Rebstock is adamant that what young children need most is a loving and stable home.
"We know from the work we've done with the community that there are many families who would like to step up and we have to make to easy for them to do it.
"And that means they shouldn't be having to navigate through eleven different Crown agencies to get the services and support they need."
The Montana-born Rebstock - who left her Greenhithe home on Boxing Day for a lengthy sojurn on the family's Don Senior launch - had already let her Washington State based parents in on the secret. "You always wonder what they make of it not coming from a Commonwealth country," laughs Rebstock. "My mother said you mean like Dame Judi Dench?
Rebstock and husband Ulf Schoefisch met while studying at the London School of Economics.

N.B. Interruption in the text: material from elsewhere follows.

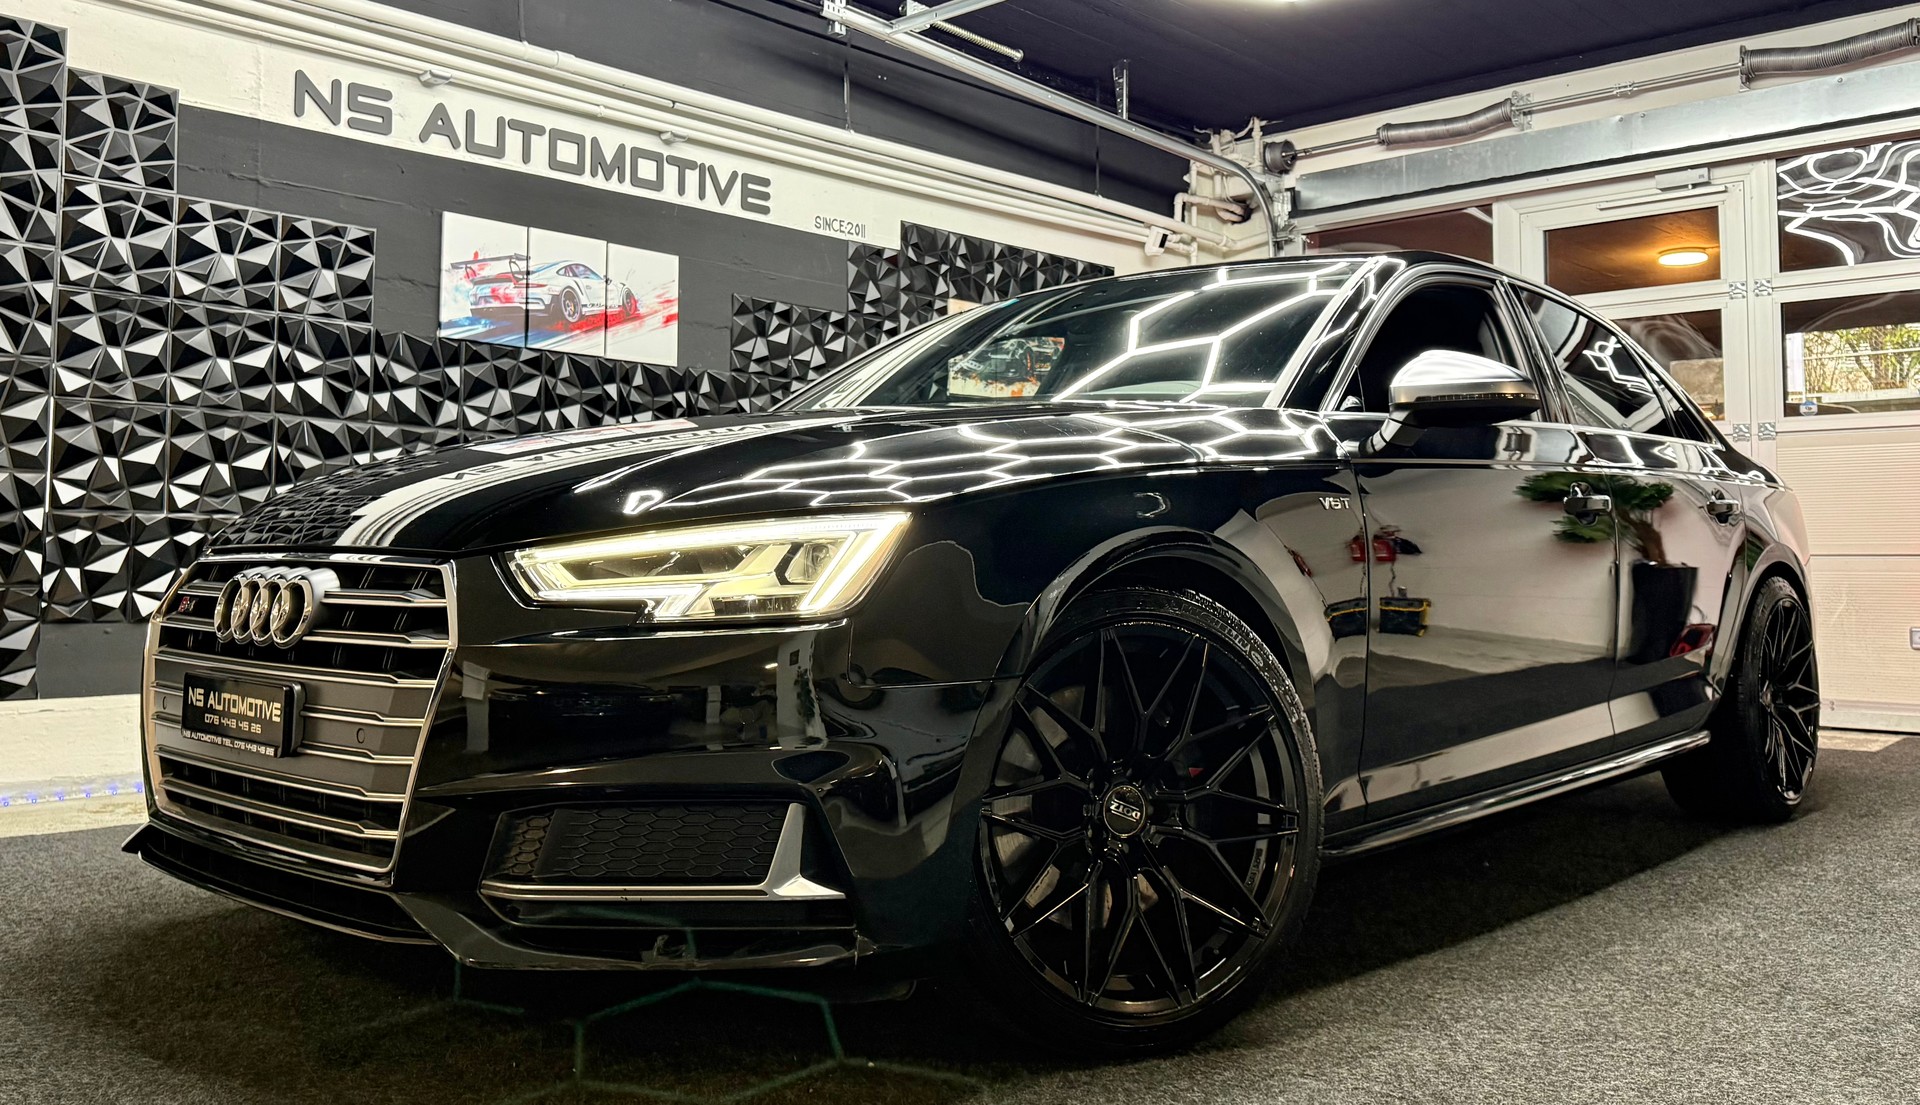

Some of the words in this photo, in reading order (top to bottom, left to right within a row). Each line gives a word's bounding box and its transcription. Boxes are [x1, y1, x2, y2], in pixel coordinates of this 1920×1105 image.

"We finished there the year the stock market crashed," recalls Rebstock saying it ended their hopes of pursuing financial markets careers in London, "Someone told us things were booming in NZ, but when we got here the fallout had finally spread to New Zealand too."
Now a dual national, Rebstock landed a job in the social policy branch of the Treasury in the "Graham Scott era" which proved the foundation for much of her subsequent work.
Dame Paula does not shy away from controversy.
The Honour citation does not mention her controversial report into the leak of documents about restructuring plans at the Ministry of Foreign Affairs and Trade.
"The MFAT stuff was just hard and it needed to be looked ," says Rebstock. "Our democratic system relies on Ministers being able to trust officials to behave in a appropriate manner.
"It needed to be looked at and put to rest."
Dame Paula was particularly fearless when presiding as chairman of the Commerce Commission - the highlight of her career to date - where she faced down insidious opposition from elements in business when it came to tackling entrenched privilege.
"I think we put issues around competition and the importance of that to the economy and consumers on the agenda in a way it hadn't been," she recalls. "I loved that job - it's one of those things you can only do for a period.
"I was there for 11 and half years. It still broke my heart to leave even though it turned out I think to be the right time."
Dame Paula was made a companion of the NZ Order of Merit in 2009 for public services and was the New Zealand Herald's New Zealander of the Year in 2007.